The program broadcast this Sunday asks the question: “Is Democracy a Universal Value?” According to the dictionary:
“Democracy.” A system of government by the whole population or all the eligible members of a state, typically through elected representatives.
The dictionary definition leaves a lot of room for variation. In a direct democracy, for example, the people collectively decide political matters. In a representative democracy, the people elect representatives to make the political decisions. And exactly who is an "eligible member"? Only those over 18? Or 21? Only men? Only property-owners?
Some say Athens was the world's first democracy. But women and slaves -- that is, most of the population -- were completely excluded. In the United States. It took the Civil war, the 19th amendment, the Civil Rights Legislation of the 60’s, along with the 24th and 26th amendments, to give us universal adult suffrage.
So democracy can take many forms. But is democracy itself – as opposed to this or that form of democracy – an inherently good thing?
Smart people have differed on this issues. The great philosopher and statesman, Winston Churchill, noted, "democracy is the worst form of government except all those other forms that have been tried from time to time." Plato was a better philosopher, and he disagreed. He thought democracy was the worst possible form of government. He favored an aristocracy run by philosopher kings. There are many more phlilosopher critics of democracy, including Thomas Hobbes, who had a very negative view of democracy.
Of course, democracy also has its philosophical defenders. John Locke, for example, took the right to participate in government to be basic and self-evident. Locke's philosophical ideas heavily influenced our own Founding Fathers -- at least their rhetoric, anyway.
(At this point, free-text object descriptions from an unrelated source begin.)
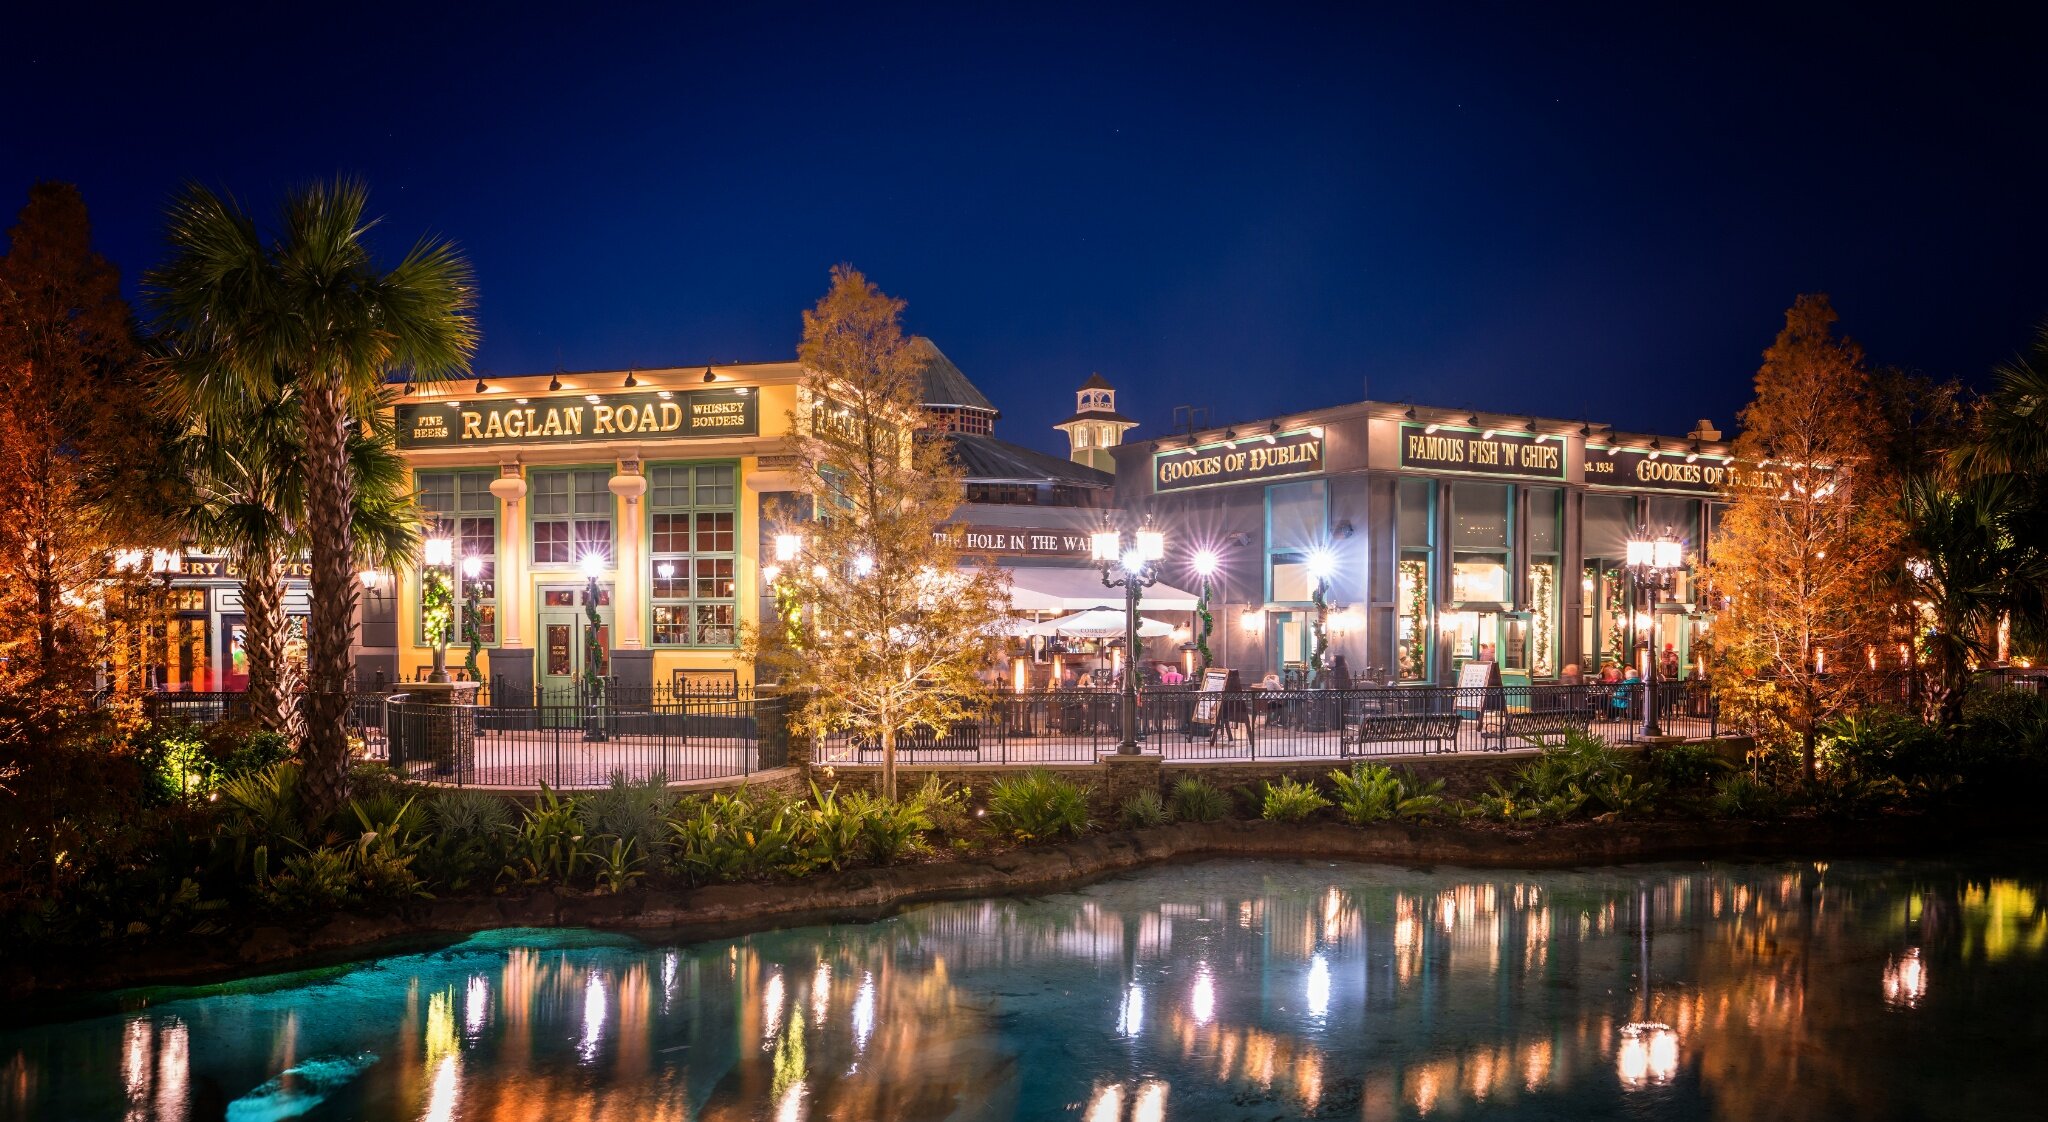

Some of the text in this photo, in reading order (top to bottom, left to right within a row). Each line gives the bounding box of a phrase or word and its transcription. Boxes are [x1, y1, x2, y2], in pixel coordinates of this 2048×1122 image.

[692, 402, 745, 415] WHISKEY
[418, 415, 443, 427] FINE
[461, 402, 683, 439] RAGLAN ROAD
[692, 415, 745, 428] BONDERS
[413, 427, 448, 438] BEERS
[1409, 435, 1558, 470] FAMOUS FISH 'N' CHIPS
[1159, 441, 1320, 484] COOKES OF DUBLIN
[1584, 461, 1614, 474] st. 1934
[1636, 459, 1701, 484] COOKES
[1703, 466, 1724, 484] OF
[967, 533, 1006, 549] HOLE
[1010, 535, 1026, 550] IN
[1030, 535, 1058, 550] THE
[1063, 536, 1093, 551] WAL
I think there are plenty of empirical and instrumental reasons for preferring democracy. Democracies are less likely to go to war, more likely to make decisions that citizens accept as legitimate, and more likely to command un-coerced loyalty and respect from their citizens. Nevertheless, experience also vindicates some of the doubts that Plato and Hobbes and other anti-democrats has about political decision making. It’s hard to deny, that at least as it has evolved in America, democracy puts a premium on the skills needed to win office, which may not correlate all that well with the skills needed to govern.
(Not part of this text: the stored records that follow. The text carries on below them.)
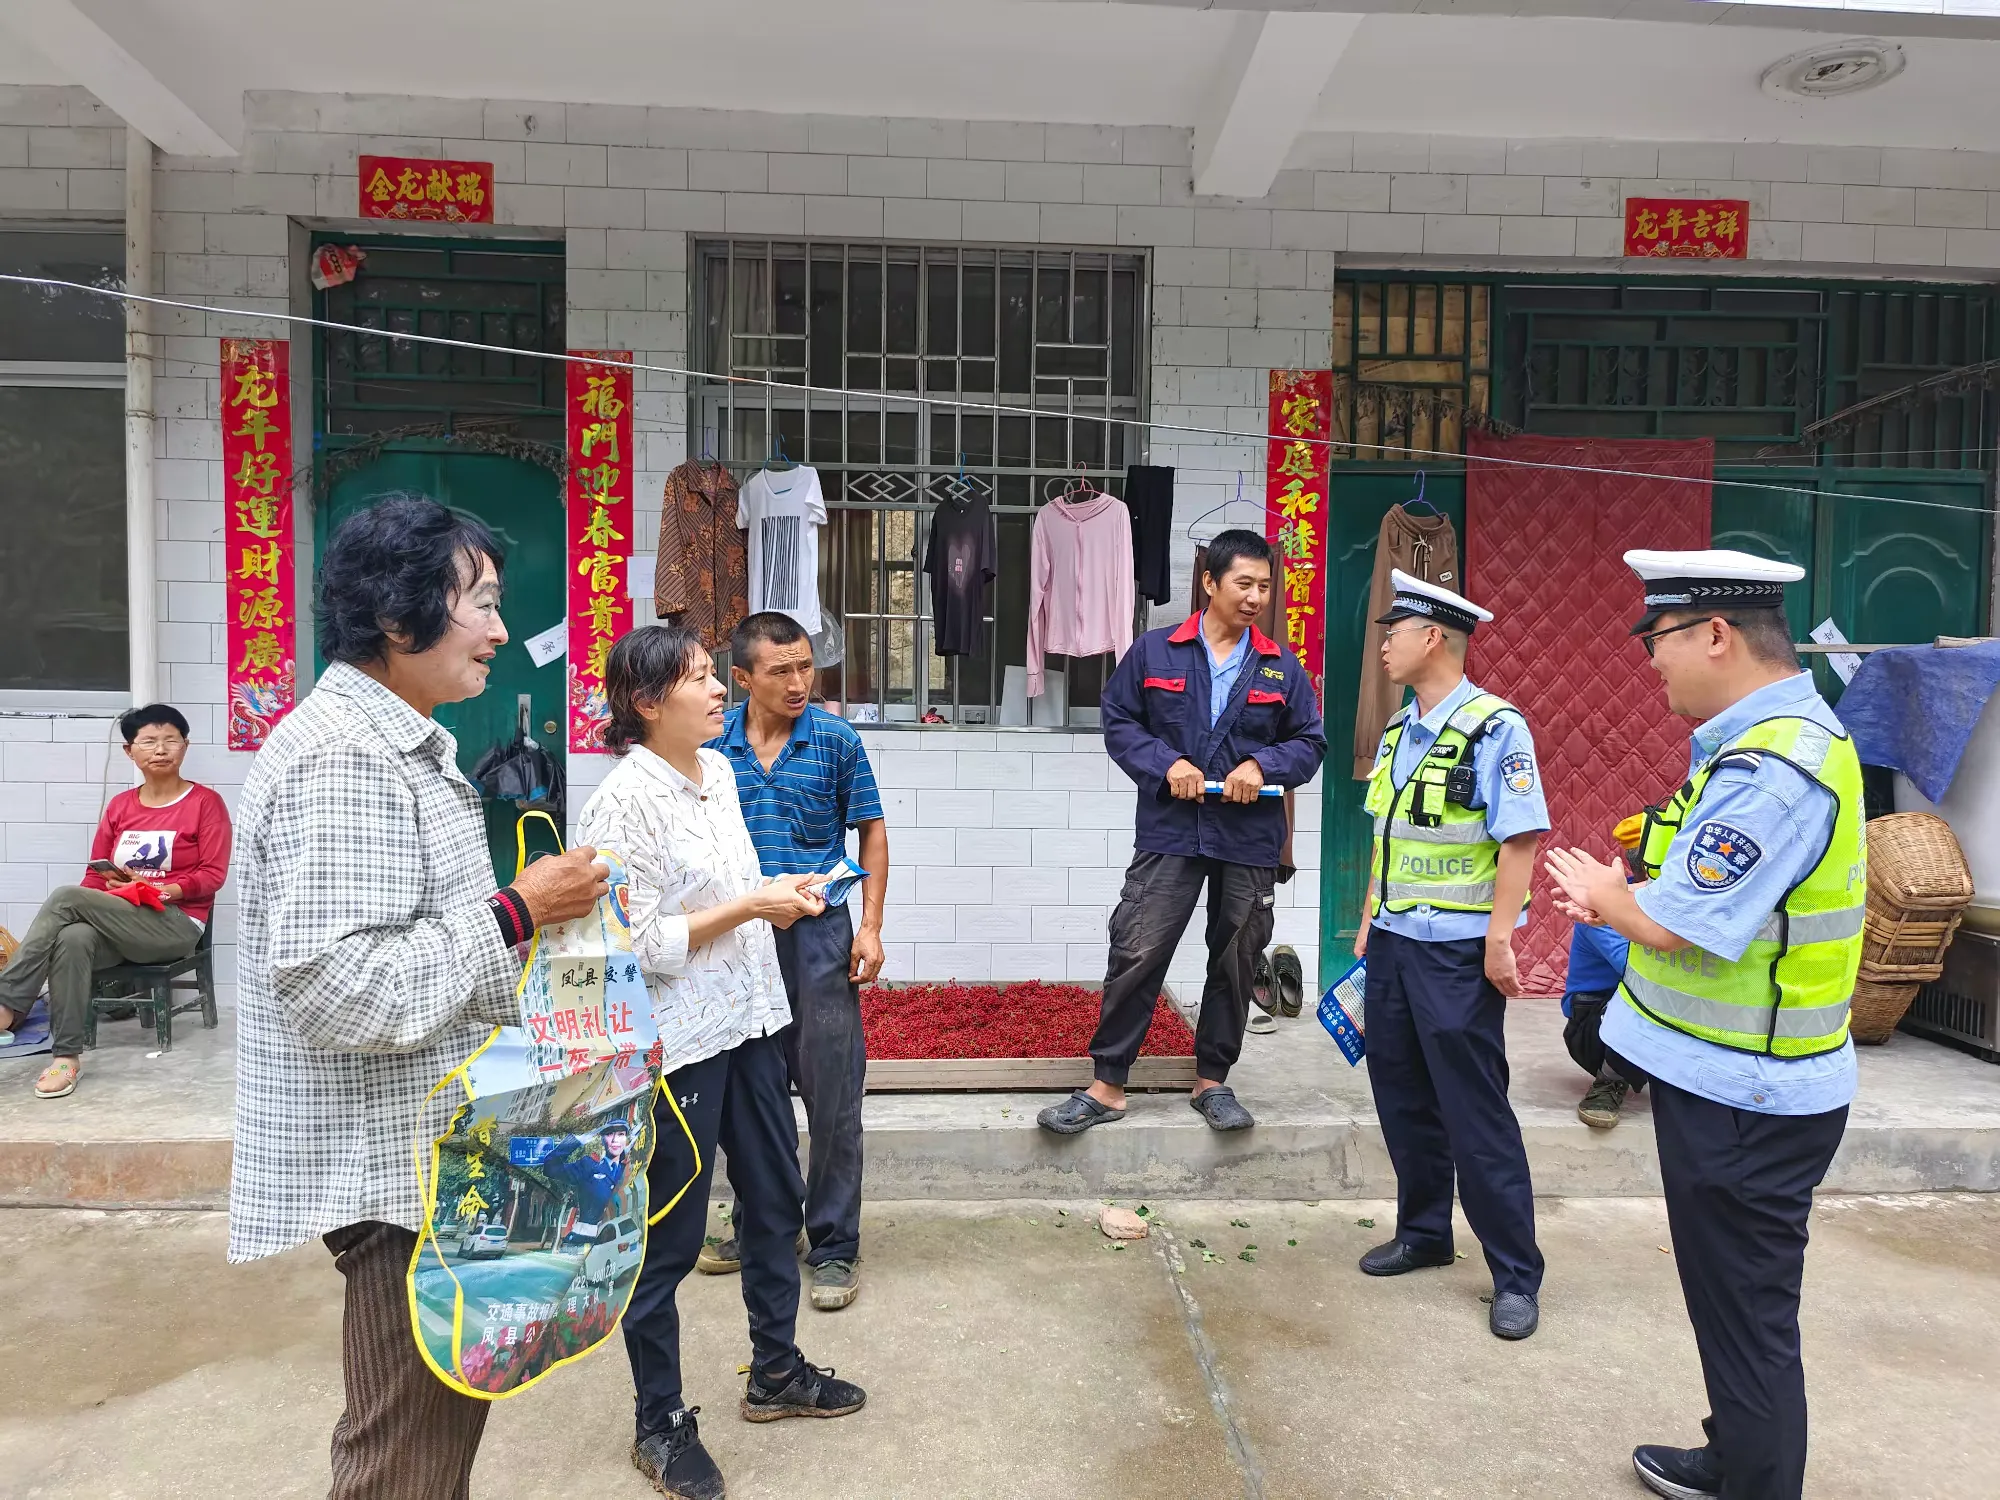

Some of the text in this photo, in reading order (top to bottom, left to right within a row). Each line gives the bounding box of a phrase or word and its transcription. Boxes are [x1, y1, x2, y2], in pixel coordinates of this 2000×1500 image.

[365, 167, 485, 206] 金龙献瑞
[1632, 207, 1740, 243] 龙年吉祥
[1700, 833, 1750, 867] 警 察
[1705, 824, 1759, 859] 中华人民共和国
[1400, 853, 1474, 875] POLICE
[561, 963, 638, 988] 凤县交警
[527, 1001, 634, 1044] 文明礼让
The skills needed to win office include being able to raise vast amounts of money, design clever campaign commercials, and give empty speeches that stir emotion but little thought. Is there any reason to think these skills correlate with the ability to govern wisely?
Still, whatever case anti-democratic philosophers make, there’s clearly a consensus in America and the West that Democracy is a good thing. Plato’s vision of running things with Philosopher Kings isn’t likely to win out anytime soon.
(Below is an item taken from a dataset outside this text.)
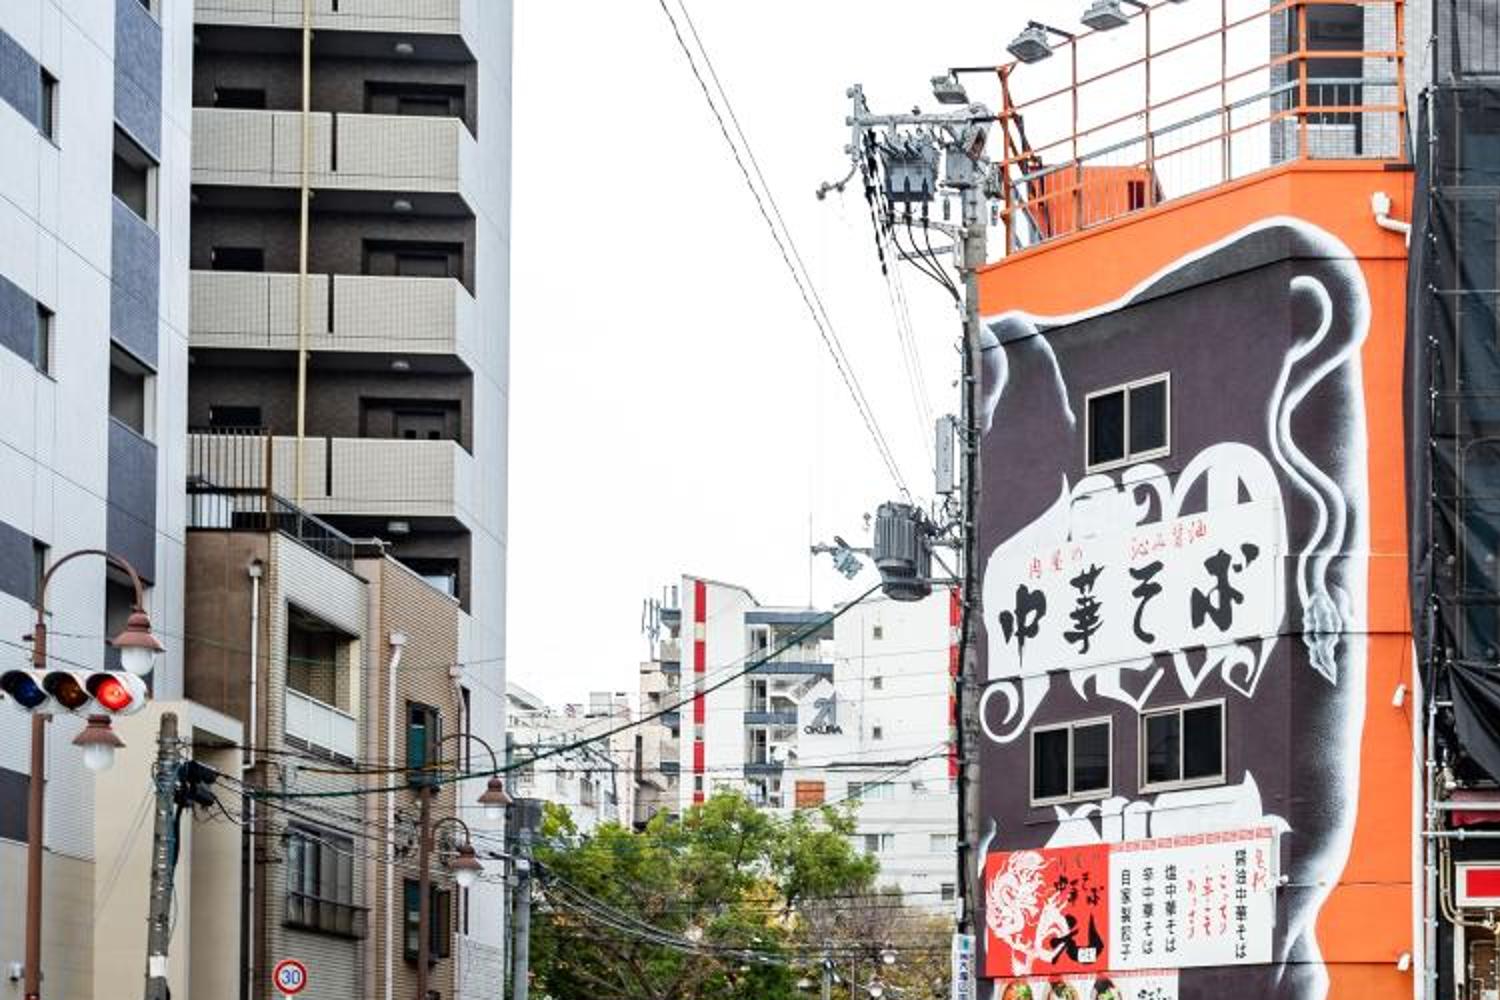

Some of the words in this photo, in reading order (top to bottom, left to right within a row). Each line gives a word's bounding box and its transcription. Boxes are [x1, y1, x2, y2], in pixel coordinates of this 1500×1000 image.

[1000, 543, 1260, 667] 中華そば
[282, 969, 301, 985] 30
But is Democracy a universal value? Or does our love of democracy stem from values in our culture, that other cultures might not share? Some say values inherent in certain Asian and Muslim cultures make democracy unsuitable, at least in the forms familiar to the West.And yet when given the opportunity, people in those cultures push for democracy, from Tiananmen Square to the Arab Spring.
So do human beings, when given a real choice, actually prefer democracy? Are there sound philosophical reasons why they should prefer democracy?
We put those questions and more to our guest, Larry Diamond from the Hoover Institution, and author of The Spirit of Democracy: The Struggle to Build Free Societies Throughout the World.